The paper introduces a novel high-rate tension device and combines experimental and numerical methods to analyze inhomogeneous deformation in brain tissue during tension tests.

Findings

Inhomogeneous deformation depends on specimen thickness and aspect ratio.

Derived Ogden model parameters for brain tissue at high strain rates.

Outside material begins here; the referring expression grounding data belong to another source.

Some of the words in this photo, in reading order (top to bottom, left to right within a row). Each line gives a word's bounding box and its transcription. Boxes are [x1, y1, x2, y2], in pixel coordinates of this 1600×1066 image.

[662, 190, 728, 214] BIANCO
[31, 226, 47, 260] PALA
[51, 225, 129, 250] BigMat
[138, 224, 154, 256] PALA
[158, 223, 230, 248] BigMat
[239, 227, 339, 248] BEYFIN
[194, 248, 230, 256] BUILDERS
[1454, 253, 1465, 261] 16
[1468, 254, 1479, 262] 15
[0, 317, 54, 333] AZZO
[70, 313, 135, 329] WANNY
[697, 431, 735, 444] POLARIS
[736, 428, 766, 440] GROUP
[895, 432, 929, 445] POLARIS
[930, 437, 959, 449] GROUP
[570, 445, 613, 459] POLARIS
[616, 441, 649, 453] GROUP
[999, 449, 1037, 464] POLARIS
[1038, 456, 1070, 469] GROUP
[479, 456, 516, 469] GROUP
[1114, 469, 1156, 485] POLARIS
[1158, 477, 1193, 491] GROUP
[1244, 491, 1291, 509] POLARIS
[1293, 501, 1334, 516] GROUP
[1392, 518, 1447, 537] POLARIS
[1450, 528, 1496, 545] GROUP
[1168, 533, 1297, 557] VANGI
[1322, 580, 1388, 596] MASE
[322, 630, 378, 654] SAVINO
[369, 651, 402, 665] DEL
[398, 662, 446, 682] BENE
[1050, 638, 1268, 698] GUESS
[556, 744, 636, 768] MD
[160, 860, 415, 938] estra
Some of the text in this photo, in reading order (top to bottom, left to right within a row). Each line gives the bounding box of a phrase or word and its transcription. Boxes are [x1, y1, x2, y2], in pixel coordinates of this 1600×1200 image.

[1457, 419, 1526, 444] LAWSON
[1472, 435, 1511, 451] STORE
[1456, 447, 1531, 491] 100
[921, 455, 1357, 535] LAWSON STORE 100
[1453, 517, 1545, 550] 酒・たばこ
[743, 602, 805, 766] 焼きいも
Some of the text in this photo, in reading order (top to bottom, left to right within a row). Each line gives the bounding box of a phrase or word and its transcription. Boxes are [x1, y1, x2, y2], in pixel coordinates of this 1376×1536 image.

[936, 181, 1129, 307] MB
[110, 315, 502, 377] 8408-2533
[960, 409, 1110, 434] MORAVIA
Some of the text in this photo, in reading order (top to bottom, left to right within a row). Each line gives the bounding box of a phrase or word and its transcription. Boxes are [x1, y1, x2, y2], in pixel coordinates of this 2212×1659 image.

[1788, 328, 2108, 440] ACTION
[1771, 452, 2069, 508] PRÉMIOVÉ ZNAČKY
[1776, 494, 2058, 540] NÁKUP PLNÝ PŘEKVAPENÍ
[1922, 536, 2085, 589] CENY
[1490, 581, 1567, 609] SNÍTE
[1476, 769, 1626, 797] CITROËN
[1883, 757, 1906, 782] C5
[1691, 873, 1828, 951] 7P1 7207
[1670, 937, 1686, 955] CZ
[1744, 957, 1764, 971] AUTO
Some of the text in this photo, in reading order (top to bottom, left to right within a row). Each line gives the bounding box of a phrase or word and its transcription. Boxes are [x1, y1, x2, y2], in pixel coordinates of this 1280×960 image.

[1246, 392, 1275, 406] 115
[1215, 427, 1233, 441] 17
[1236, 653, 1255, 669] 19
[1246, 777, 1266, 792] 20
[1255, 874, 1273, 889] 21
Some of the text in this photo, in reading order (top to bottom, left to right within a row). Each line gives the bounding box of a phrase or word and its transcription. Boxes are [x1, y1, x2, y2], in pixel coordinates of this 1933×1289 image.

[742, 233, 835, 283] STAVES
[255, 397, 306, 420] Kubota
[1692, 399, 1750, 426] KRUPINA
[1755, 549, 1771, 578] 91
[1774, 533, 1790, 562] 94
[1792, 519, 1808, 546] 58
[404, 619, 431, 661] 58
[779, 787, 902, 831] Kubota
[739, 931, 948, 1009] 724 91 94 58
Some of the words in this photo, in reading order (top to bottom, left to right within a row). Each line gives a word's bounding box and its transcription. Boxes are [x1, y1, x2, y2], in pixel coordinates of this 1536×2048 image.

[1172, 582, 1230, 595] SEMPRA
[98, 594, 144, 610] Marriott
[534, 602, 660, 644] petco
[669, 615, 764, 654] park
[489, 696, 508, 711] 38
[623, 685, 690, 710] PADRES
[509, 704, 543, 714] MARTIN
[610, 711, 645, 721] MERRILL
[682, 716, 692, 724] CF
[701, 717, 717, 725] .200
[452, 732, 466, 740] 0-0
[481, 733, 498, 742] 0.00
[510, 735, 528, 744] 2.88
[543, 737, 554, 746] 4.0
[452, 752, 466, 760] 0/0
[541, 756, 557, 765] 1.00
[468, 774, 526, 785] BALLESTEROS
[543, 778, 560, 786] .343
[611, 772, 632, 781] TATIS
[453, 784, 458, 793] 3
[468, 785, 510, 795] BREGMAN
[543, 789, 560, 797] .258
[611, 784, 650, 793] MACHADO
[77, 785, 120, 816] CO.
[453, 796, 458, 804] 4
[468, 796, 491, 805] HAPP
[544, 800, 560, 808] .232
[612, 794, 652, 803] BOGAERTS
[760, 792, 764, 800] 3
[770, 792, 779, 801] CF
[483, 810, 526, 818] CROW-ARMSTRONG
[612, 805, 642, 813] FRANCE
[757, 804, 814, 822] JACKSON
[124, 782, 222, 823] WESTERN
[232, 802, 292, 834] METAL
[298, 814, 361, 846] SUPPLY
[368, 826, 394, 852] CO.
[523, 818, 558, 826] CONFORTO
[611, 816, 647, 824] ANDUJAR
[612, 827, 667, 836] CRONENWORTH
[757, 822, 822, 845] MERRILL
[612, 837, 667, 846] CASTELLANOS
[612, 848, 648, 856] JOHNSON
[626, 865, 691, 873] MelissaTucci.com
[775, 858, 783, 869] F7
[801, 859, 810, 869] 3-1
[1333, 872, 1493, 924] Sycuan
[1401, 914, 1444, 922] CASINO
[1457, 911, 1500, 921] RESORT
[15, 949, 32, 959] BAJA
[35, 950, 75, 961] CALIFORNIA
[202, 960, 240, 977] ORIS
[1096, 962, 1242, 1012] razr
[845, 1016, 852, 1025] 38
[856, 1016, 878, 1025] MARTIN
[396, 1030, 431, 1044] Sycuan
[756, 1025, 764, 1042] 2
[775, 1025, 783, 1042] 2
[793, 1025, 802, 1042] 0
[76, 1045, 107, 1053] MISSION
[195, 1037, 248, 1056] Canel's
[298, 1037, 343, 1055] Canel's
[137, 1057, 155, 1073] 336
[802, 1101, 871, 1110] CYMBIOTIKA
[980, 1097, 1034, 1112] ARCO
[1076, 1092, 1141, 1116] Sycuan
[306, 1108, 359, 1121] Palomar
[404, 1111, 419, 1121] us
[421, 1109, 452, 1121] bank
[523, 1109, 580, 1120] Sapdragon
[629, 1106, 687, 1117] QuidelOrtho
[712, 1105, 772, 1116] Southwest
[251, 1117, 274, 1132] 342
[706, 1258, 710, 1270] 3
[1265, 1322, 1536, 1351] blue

Recommended specimen aspect ratio to minimize deformation effects.

Abstract

Mechanical characterization of brain tissue has been investigated extensively by various research groups over the past fifty years. These properties are particularly important for modelling Traumatic Brain Injury (TBI). In this research, we present the design and calibration of a High Rate Tension Device (HRTD) capable of performing tests up to a maximum strain rate of 90/s. We use experimental and numerical methods to investigate the effects of inhomogeneous deformation of porcine brain tissue during tension at different specimen thicknesses (4.0-14.0 mm), by performing tension tests at a strain rate of 30/s. One-term Ogden material parameters (mu = 4395.0 Pa, alpha = -2.8) were derived by performing an inverse finite element analysis to model all experimental data. A similar procedure was adopted to determine Young's modulus (E= 11200 Pa) of the linear elastic regime. Based on this analysis, brain specimens of aspect ratio (diameter/thickness) S < 1.0 are required to minimise the effects of inhomogeneous deformation during tension tests.